Understanding the impact of genetics could aid rational, precision drug choices. In the current study, investigators will focus on whether genetic analysis of drug processing using the Inagene platform could predict efficacy and side effect profile in patients prescribed medication for pain. In the investigator's clinic commonly employed medications included nortriptyline, duloxetine, topiramate, gabapentin, pregabalin, opioids (morphine derivatives, tramadol, tapentadol, buprenorphine patch), cesamet (a synthetic cannabinoid). To the investigator's knowledge this type of study has not been completed in this environment and/or patient population.
Research Objectives:
The main goal of this study is to determine whether genetic analysis of drug processing could help predict efficacy and side effect profiles of medications in a cohort of patients suffering from chronic pain.
In order to control for various clinical factors, patient reported outcomes will also be collected. As a standard part of any patient intake, pain diagrams, measures of pain, function, mental health status and exercise describe the conditions and relative impact will be included. Investigators will include various standardized and/or adapted versions of other questionnaires which will allow investigators to control for known confounders.

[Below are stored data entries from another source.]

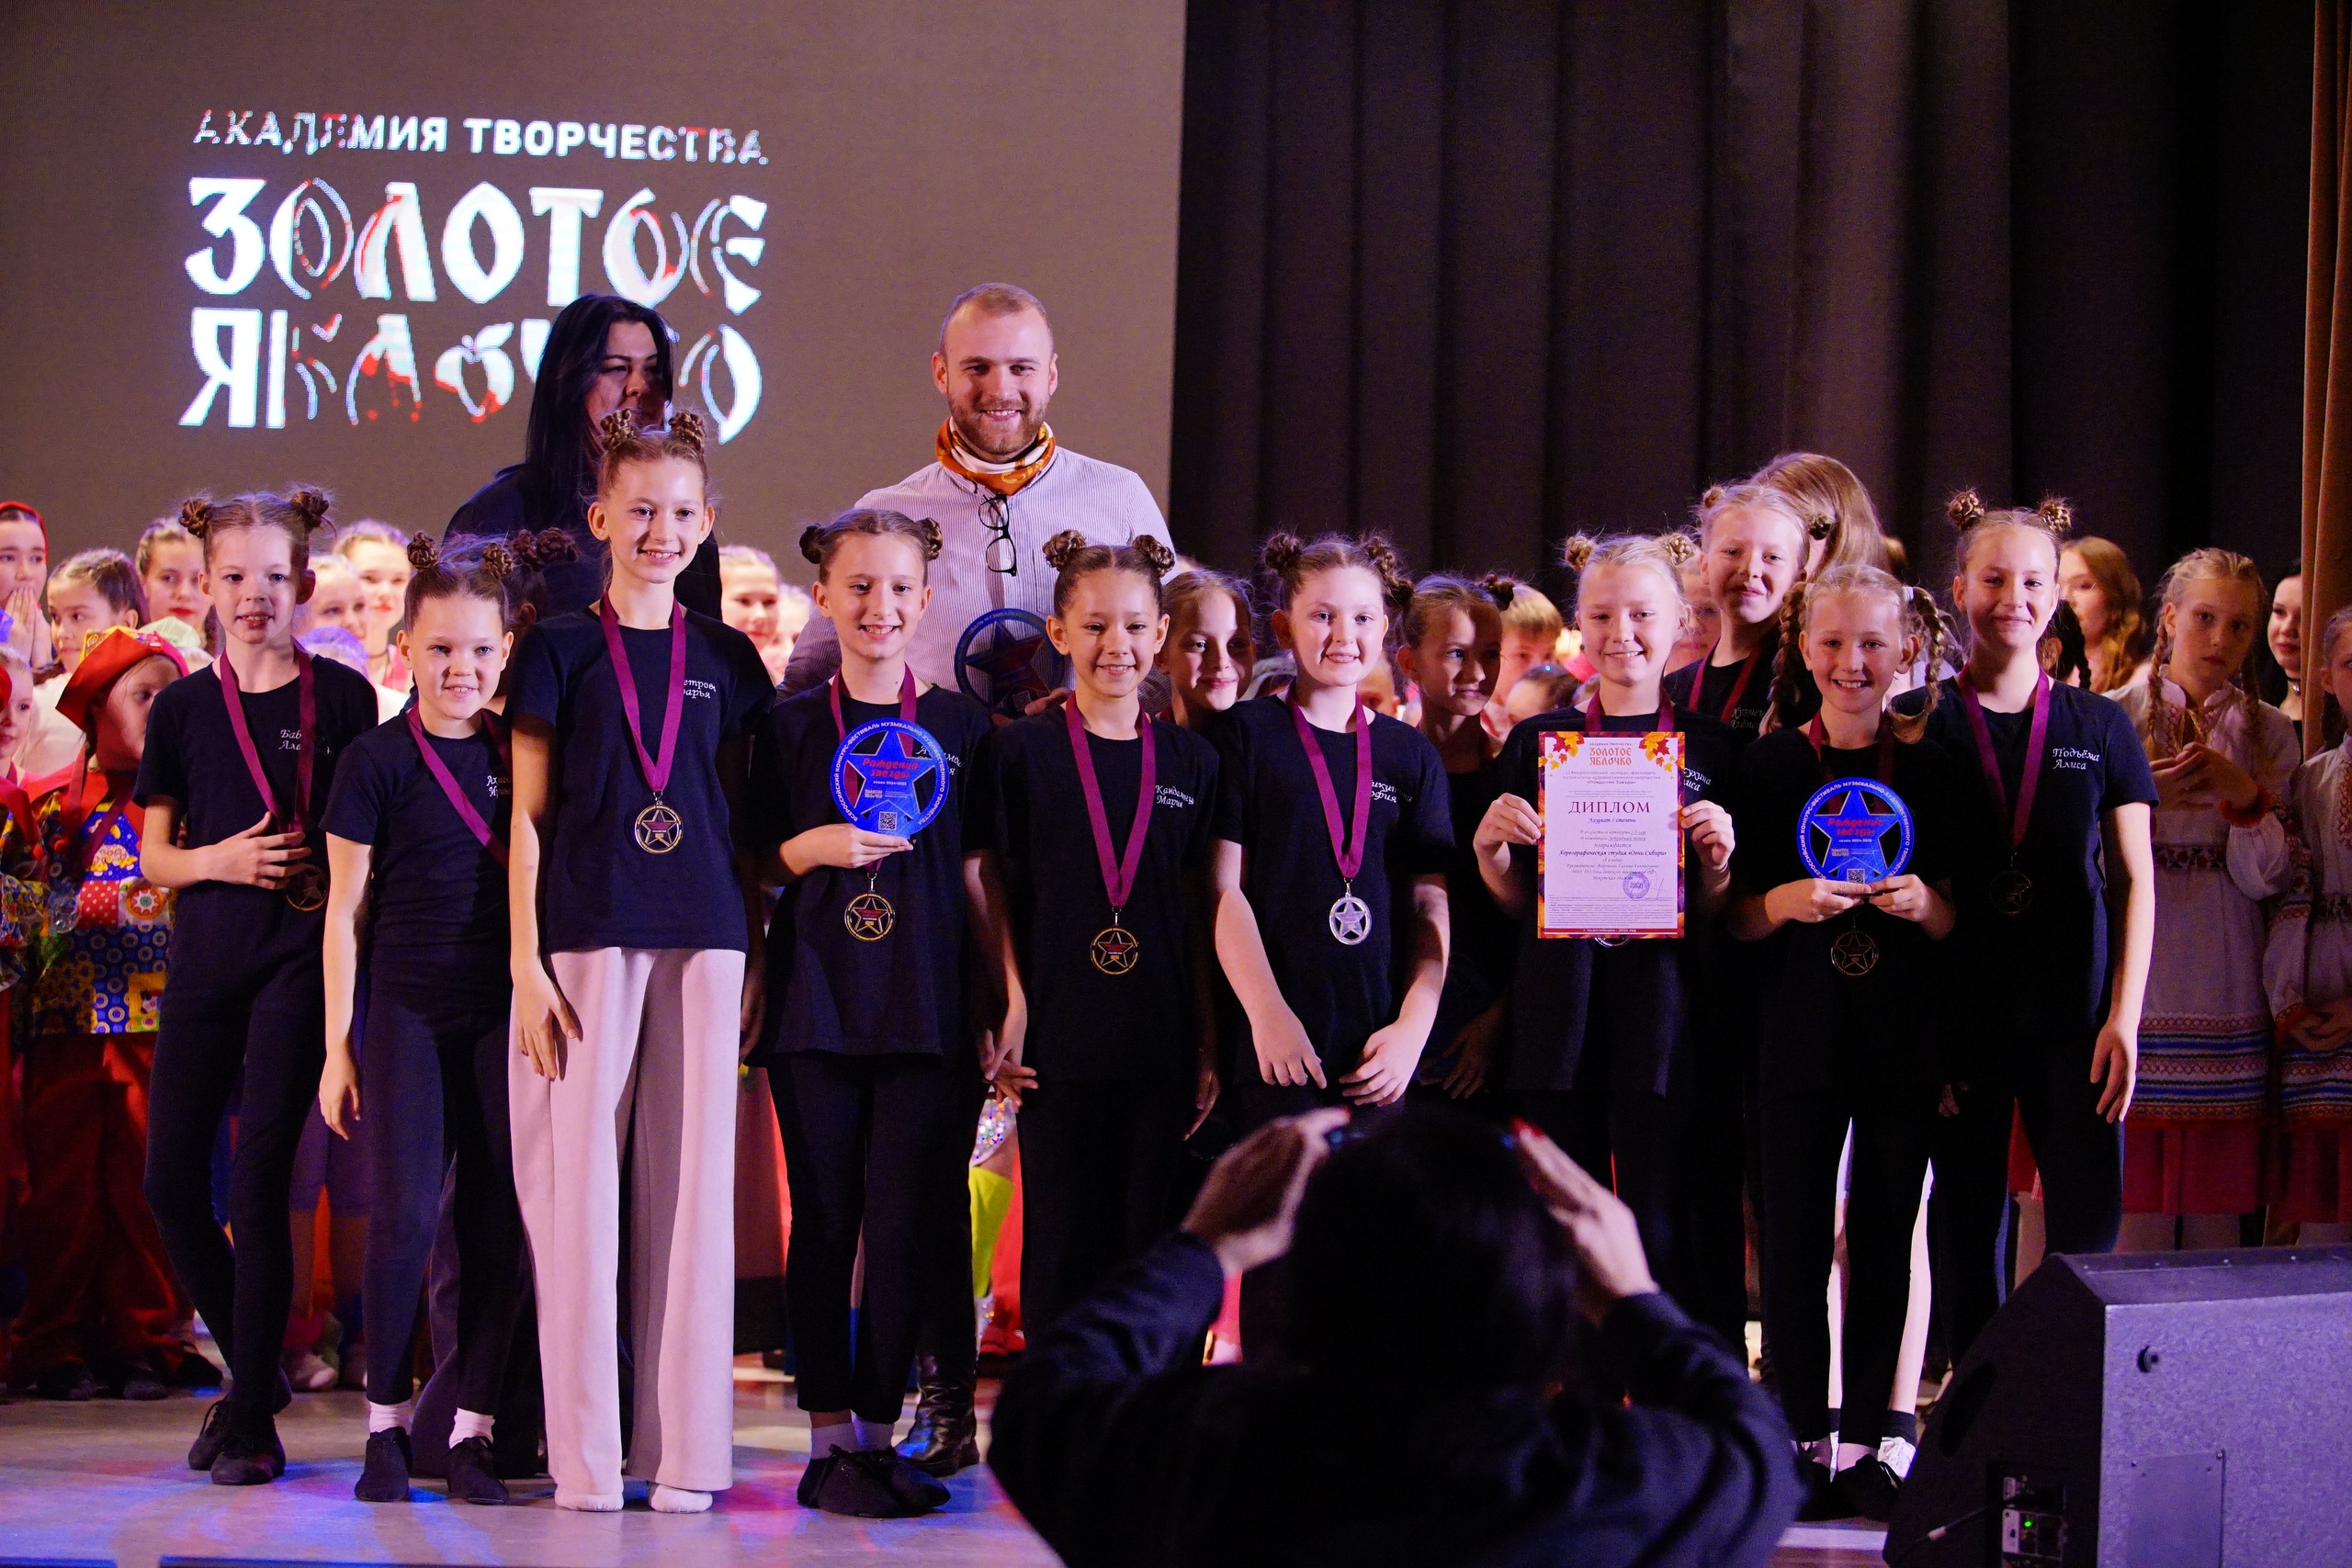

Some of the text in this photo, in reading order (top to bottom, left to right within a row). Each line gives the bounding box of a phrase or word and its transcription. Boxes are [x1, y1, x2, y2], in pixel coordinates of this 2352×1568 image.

[463, 118, 769, 165] ТВОРЧЕСТВА
[185, 176, 768, 317] ЗОЛОТОЕ
[833, 722, 879, 772] КОНКУРС-ФЕСТИВАЛЬ
[1589, 748, 1632, 756] ЗОЛОТОЕ
[1589, 757, 1632, 766] ЯБЛОЧКО
[2052, 759, 2086, 770] Алиса
[833, 773, 858, 822] ВСЕРОССИЙСКИЙ
[1156, 795, 1183, 808] Мария
[1568, 801, 1650, 814] ДИПЛОМ
[916, 793, 944, 826] ТВОРЧЕСТВА

The following information will be collected at baseline
Demographics - age, gender, rank, working status, medical category
Patient Reported Outcomes at baseline (Appendix A)

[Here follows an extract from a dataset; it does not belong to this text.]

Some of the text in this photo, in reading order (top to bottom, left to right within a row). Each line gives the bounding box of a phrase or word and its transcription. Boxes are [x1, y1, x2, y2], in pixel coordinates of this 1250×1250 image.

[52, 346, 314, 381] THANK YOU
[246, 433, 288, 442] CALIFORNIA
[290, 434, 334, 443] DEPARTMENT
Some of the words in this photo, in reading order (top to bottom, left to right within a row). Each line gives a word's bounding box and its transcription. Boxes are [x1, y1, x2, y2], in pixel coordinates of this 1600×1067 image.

The following information will be collected at follow up, defined by discontinuation of medication or continuation on medication associated with predefined measure of clinical efficacy
Clinical efficacy will be defined by achieving 5-8 on the Patient Global Impression of Change scale (PGIC). Medication selection will be done in accordance with current standard of care, patient informed consent and clinical experience. Prescription of medication will not be directed by the results of the genetics analytics. Doses will be adjusted if side effects permit and until clinical efficacy is achieved
Classification of inferred phenotypes (i.e. ultrarapid, normal, intermediate and poor metabolizer) will be consistent with the recently published guidance for allele function status. As noted, there are four possible scores for each tested medication, ranging from 1-4, which includes; 1) do not use 2) caution 3) use as directed 4) preferred. For the main analysis, the phenotypes will be grouped 1&2 (do not prescribe) and 3&4 (prescribe) and compared against whether patient responded or not to determine sensitivity and specificity of the genetic testing. Sub-analysis will determine for those that did not respond and whether this was a result of side effects or a lack of efficacy. From a functional standpoint for each recommendation the pharmacogenetics testing will classified into green (prescribe), yellow (caution), red (do no prescribe). All yellow outcomes will be reviewed to determine if the clinical information (ie dosing, smoking, and/or current medications), could allow for re-classification to a green or red recommendation for the purpose of the analysis.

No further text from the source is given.